NEW YORK STATE FAIR wraps up tomorrow, with this year’s Fair having at least three major improvements. The main entrance leads right into a new Pride of New York pavilion which sells hundreds of products from New York agricultural entrepreneurs, replacing the New York Lottery (what does that have to do with farming, other than common risk?). Pride of New York is a terrific program created by the Department of Agriculture & Markets to help consumers identify products produced by their New York neighbors—a great example of the “locavore” trend before it even existed. The Fair also a Witter Agricultural Museum, where this year we created a comprehensive display on the grape, grape juice and wine industry highlighting its history, diversity, growth and opportunities for entrepreneurs and employment. A new Wine Village was a major highlight, thanks to Assembly Agriculture Committee Chairman Bill Magee, the Department, and State Fair Director Dan O’Hara. Responding to concerns from wineries about last year’s Fair, Assemblyman Magee convened a meeting in December which ultimately led to the change. He also secured legislation allowing fairgoers to walk around the grounds with a (plastic) glass of wine, as they have always been able to do with beer; last year they had to stay in a small confined area when consuming wine, causing congestion and dissatisfaction. The new Wine Village in a spacious tent was supplemented by another prime location where wineries sold their products to consumers on the way to the grandstand for concerts or other activities; and a separate concessionaire who purchased and sold their wine as well. One winery owner with years of experience at the State Fair said their sales doubled this year. Commissioner Patrick Hooker and First Deputy Commissioner Bob Haggerty of Ag & Markets, which oversees the Fair, also deserve a lot of credit for their commitment to making things better.

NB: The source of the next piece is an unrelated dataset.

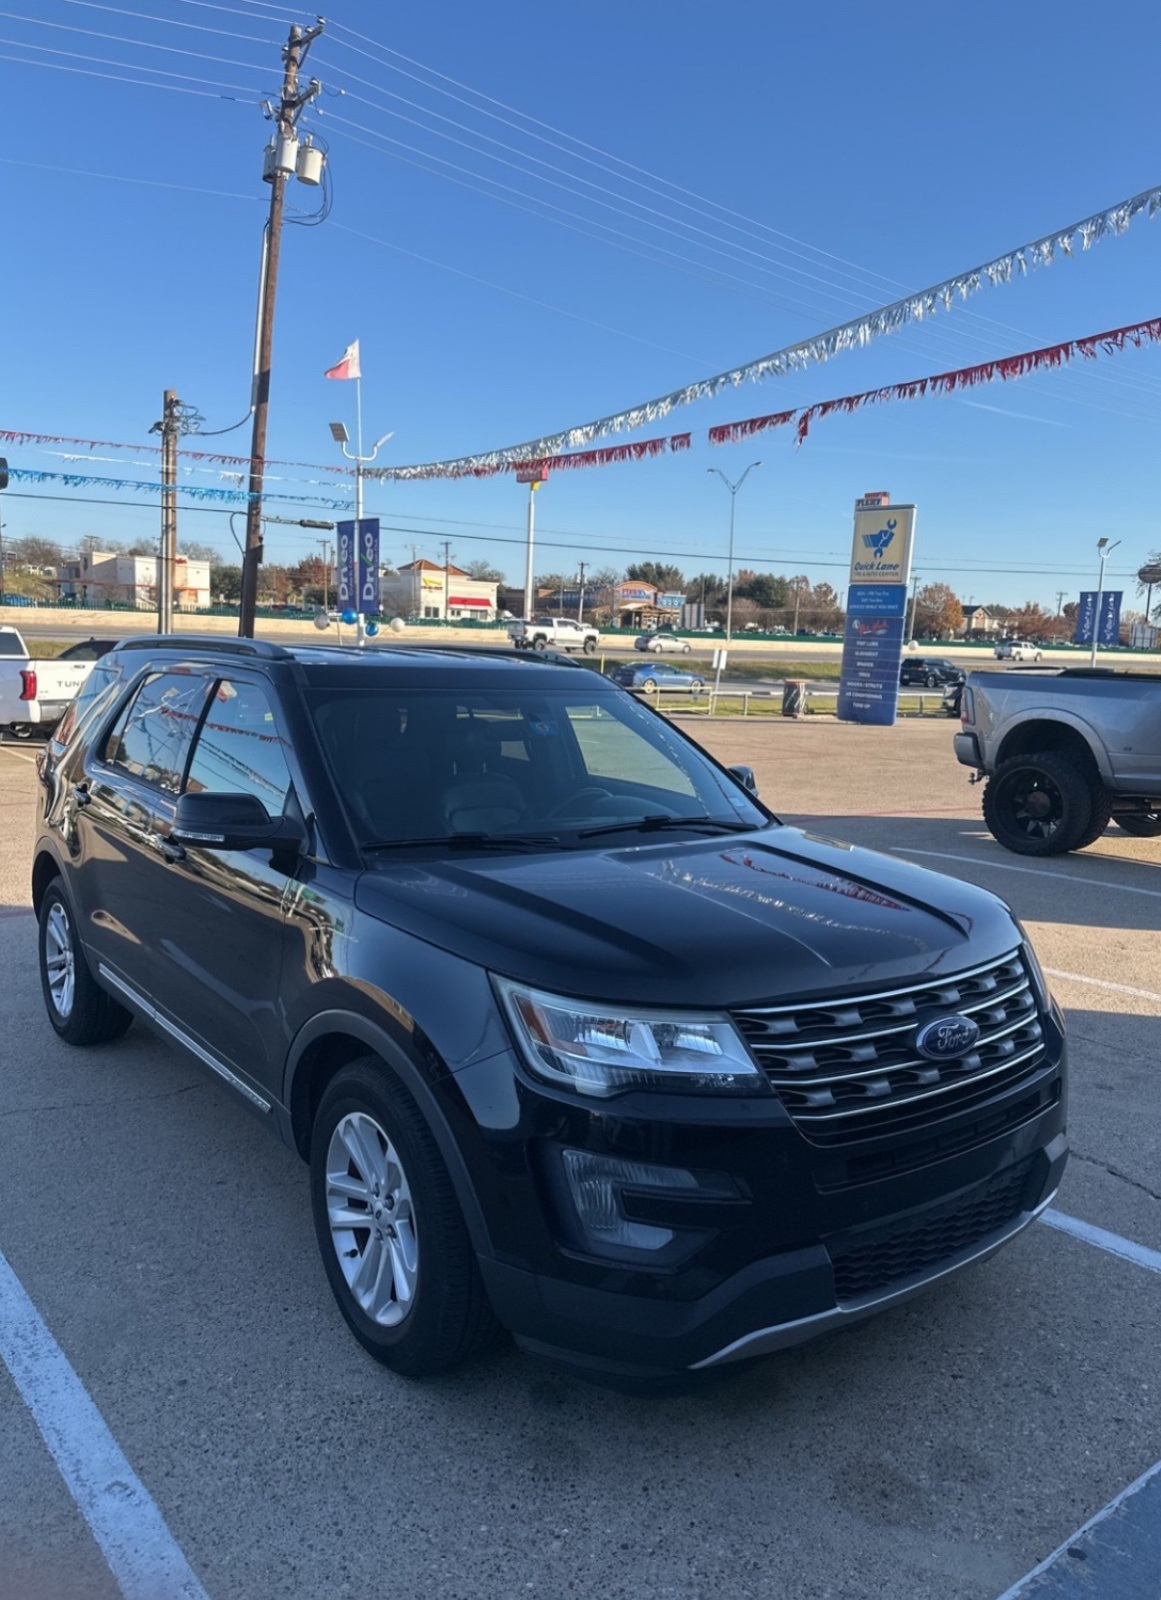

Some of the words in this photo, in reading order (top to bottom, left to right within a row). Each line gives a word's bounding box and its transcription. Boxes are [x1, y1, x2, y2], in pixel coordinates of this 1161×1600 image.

[361, 532, 374, 600] Driveo
[854, 561, 875, 571] Quick
[876, 561, 899, 571] Lane
[937, 1023, 970, 1051] Ford

NEW YORK WINESTAND at Union Square Greenmarket in New York City is Pride of New York’s latest venture, and yet another benefit to our wine industry. Situated in lower Manhattan, Union Square Greenmarket was the brainchild of Barry Benape and Bob Lewis, now Director of Marketing for Ag & Markets. It has transformed a previously run down and dangerous park into a bustling farmer’s market and friendly social network. While a few New York wineries (Anthony Road, Barrington, Chateau Renaissance) have been selling their wines at Manhattan greenmarkets for years, the New York Winestand is a new concept, bringing together New York wineries and Manhattan restaurants like Back Forty, Republic, and Parlor Steakhouse. A New York magazine blog dubbed it “locapour”. Last Friday, marking the Winestand’s debut, Anthony Road Winery sold all its wines. It will be open each Friday, and just look for the big green banner that says, “Buy Local. Buy Pride of New York.”

SILVER MEDALS are a solid achievement in any wine competition, and even more so in the tough international Decanter World Wine Awards. So congratulations to Casa Larga Vineyards (2005 Fiori Vidal Ice Wine), Glenora Wine Cellars (2006 Dry Riesling), and Sheldrake Point Vineyards (2005 Cabernet Franc) for their strong showing.

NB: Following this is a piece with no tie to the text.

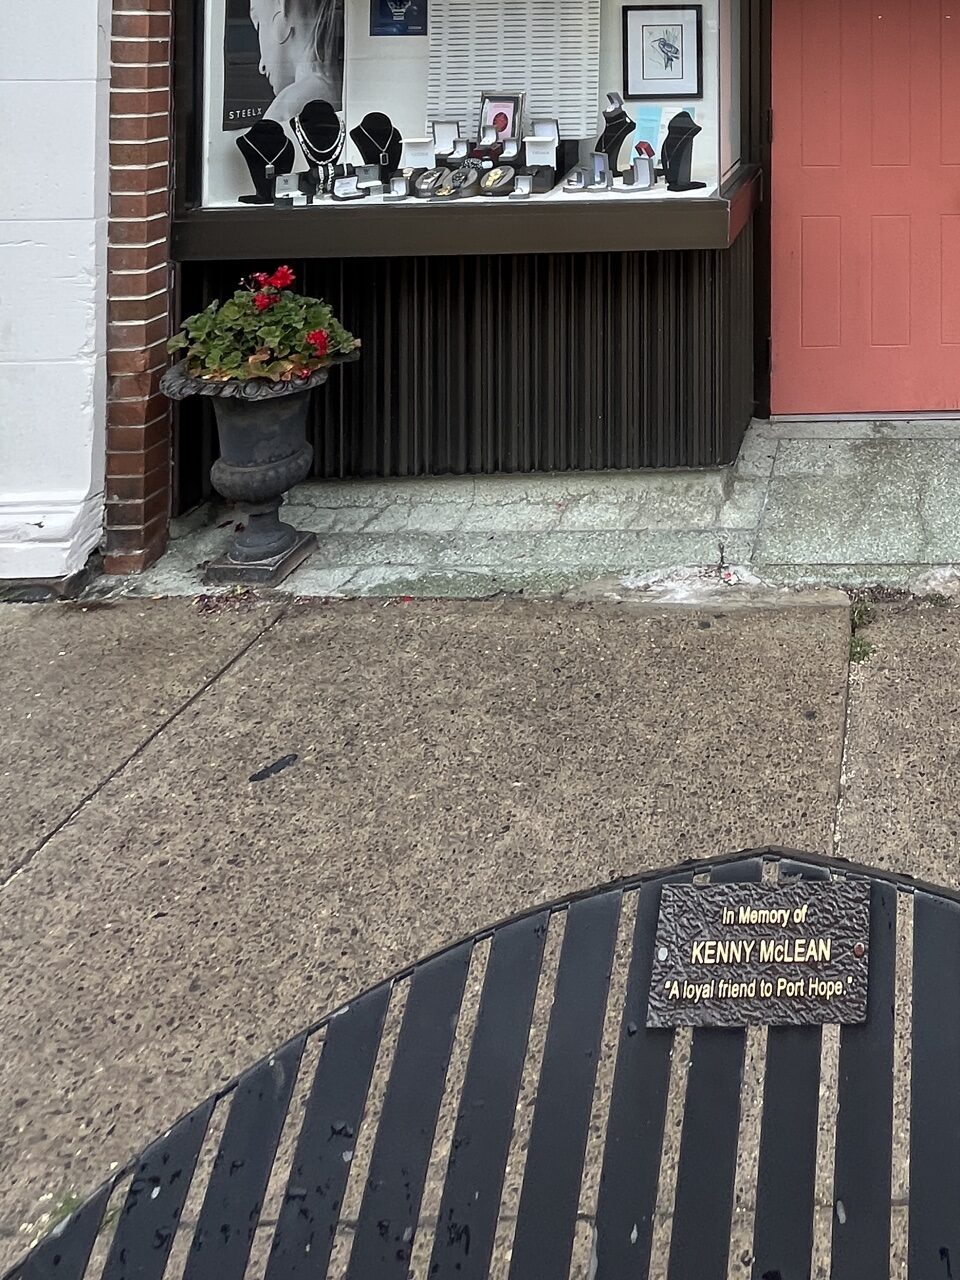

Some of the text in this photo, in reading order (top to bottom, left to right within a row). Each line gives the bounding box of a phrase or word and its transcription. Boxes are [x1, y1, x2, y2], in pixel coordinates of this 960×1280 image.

WINE CONSUMPTION among Americans is up, while beer consumption is down, spirits is about flat, and overall alcohol consumption is down, according to a new study published in the American Journal of Medicine. The lead researcher was Dr. R. Curtis Ellison, who appeared twice on 60 Minutes to explain the “French Paradox”, founded the Institute on Lifestyle and Health at Boston University School of Medicine, and frequently speaks at our conferences. Middle-aged people are consuming about a third less alcohol than 50 years ago, due to a combination of more people who don’t drink and more moderate consumption among those who do. Average alcohol consumption among men has gone from about two and a half to one and a half drinks per day. While the precise reasons for these trends aren’t clear, it’s reasonable to suggest that the public has heard about the health benefits of moderate wine consumption, the dangers of binge drinking, and the importance of integrating wine into a healthy lifestyle. If so, that’s good news all around.